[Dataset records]
***
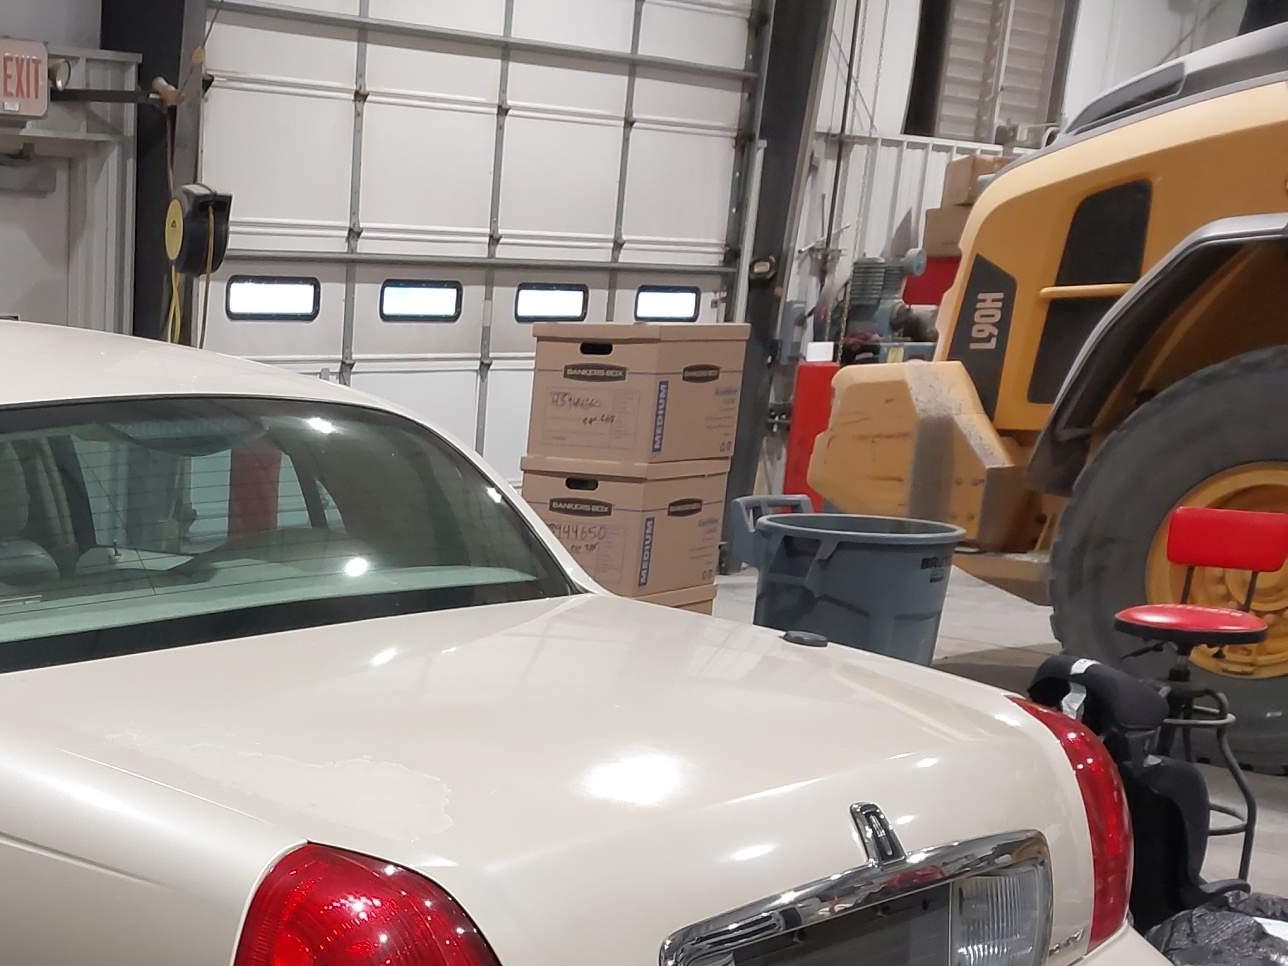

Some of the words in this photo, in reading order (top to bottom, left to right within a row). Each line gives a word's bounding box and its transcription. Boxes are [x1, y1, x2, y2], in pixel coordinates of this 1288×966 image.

[2, 55, 41, 99] EXIT
[969, 292, 1005, 350] L90H
[654, 384, 668, 450] MEDIUM
[552, 501, 590, 512] BANKERS
[591, 503, 609, 513] BOX
[639, 518, 654, 584] MEDIUM
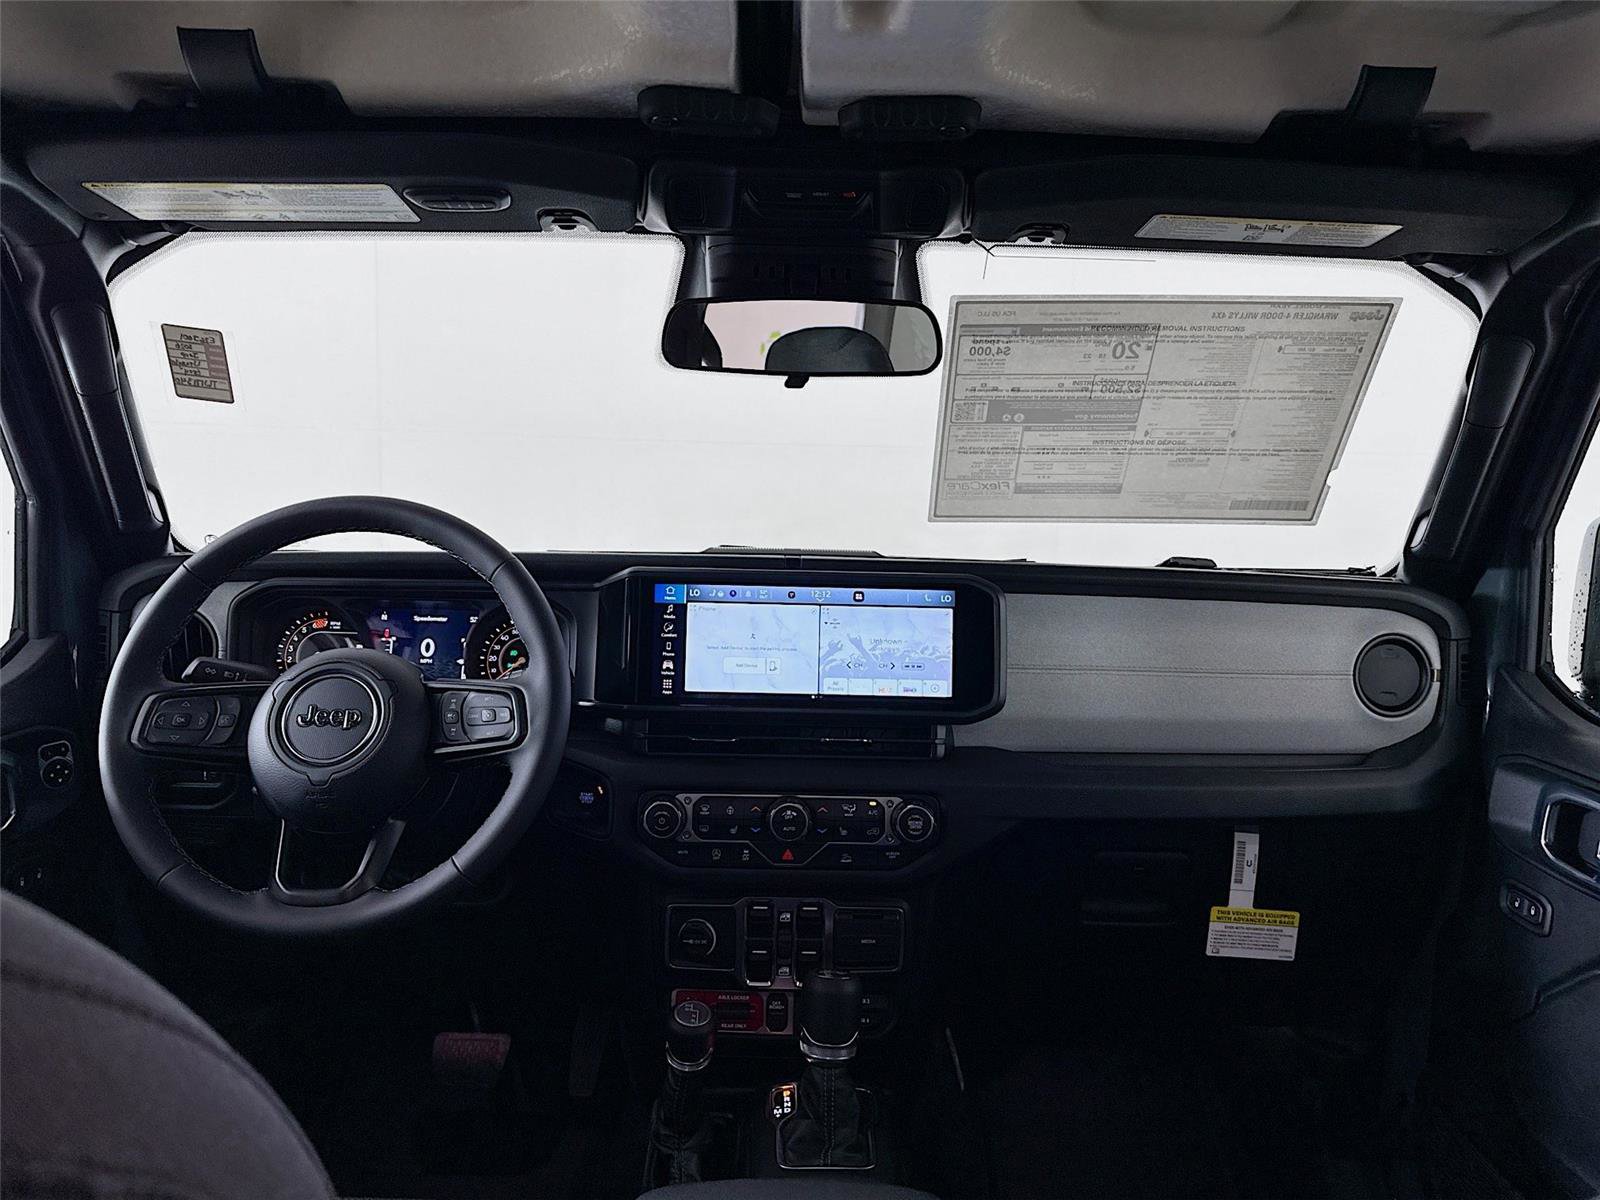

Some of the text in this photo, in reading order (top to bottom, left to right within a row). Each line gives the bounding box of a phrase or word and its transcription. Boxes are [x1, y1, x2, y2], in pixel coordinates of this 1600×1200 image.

[689, 589, 701, 597] LO
[810, 590, 831, 598] 12:12
[413, 615, 448, 623] Speedometer
[420, 638, 436, 658] 0
[297, 704, 362, 731] Jeep
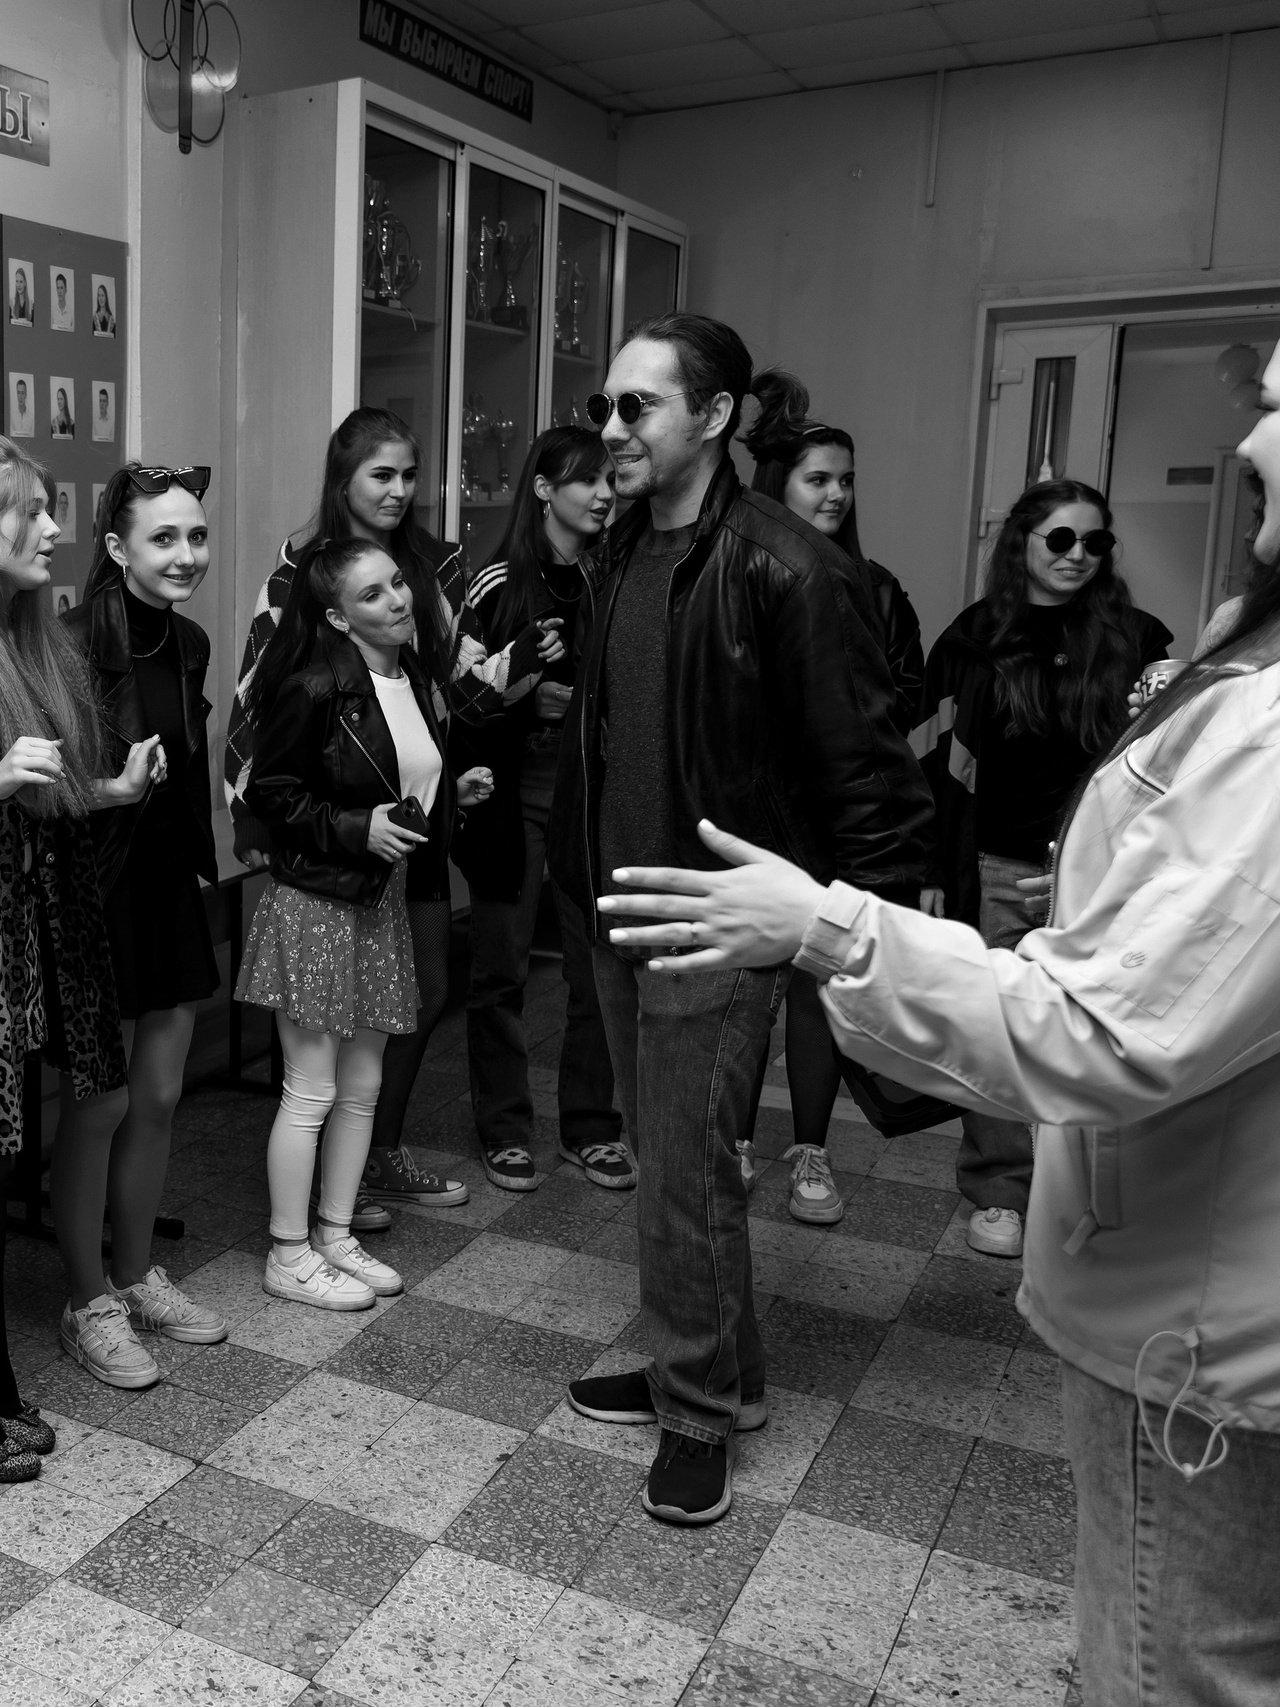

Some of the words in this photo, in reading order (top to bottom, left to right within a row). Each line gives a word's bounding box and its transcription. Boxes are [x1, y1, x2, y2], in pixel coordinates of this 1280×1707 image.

[363, 1, 397, 46] МЫ
[399, 17, 482, 89] ВЫБИРАЕМ
[483, 63, 532, 114] СПОРТ!
***
ABOUT THIS EXERCISE :: Repeat the records above verbatim. Include none of the pictures.

SOLVED PROBLEM ::
Some of the words in this photo, in reading order (top to bottom, left to right within a row). Each line gives a word's bounding box and its transcription. Boxes are [x1, y1, x2, y2], in pixel coordinates of this 1288×966 image.

[2, 55, 41, 99] EXIT
[969, 292, 1005, 350] L90H
[654, 384, 668, 450] MEDIUM
[552, 501, 590, 512] BANKERS
[591, 503, 609, 513] BOX
[639, 518, 654, 584] MEDIUM

Some of the text in this photo, in reading order (top to bottom, left to right within a row). Each line gives the bounding box of a phrase or word and its transcription. Boxes are [x1, y1, x2, y2], in pixel coordinates of this 1600×1200 image.

[689, 589, 701, 597] LO
[810, 590, 831, 598] 12:12
[413, 615, 448, 623] Speedometer
[420, 638, 436, 658] 0
[297, 704, 362, 731] Jeep

Some of the words in this photo, in reading order (top to bottom, left to right within a row). Each line gives a word's bounding box and its transcription. Boxes are [x1, y1, x2, y2], in pixel coordinates of this 1280×1707 image.

[363, 1, 397, 46] МЫ
[399, 17, 482, 89] ВЫБИРАЕМ
[483, 63, 532, 114] СПОРТ!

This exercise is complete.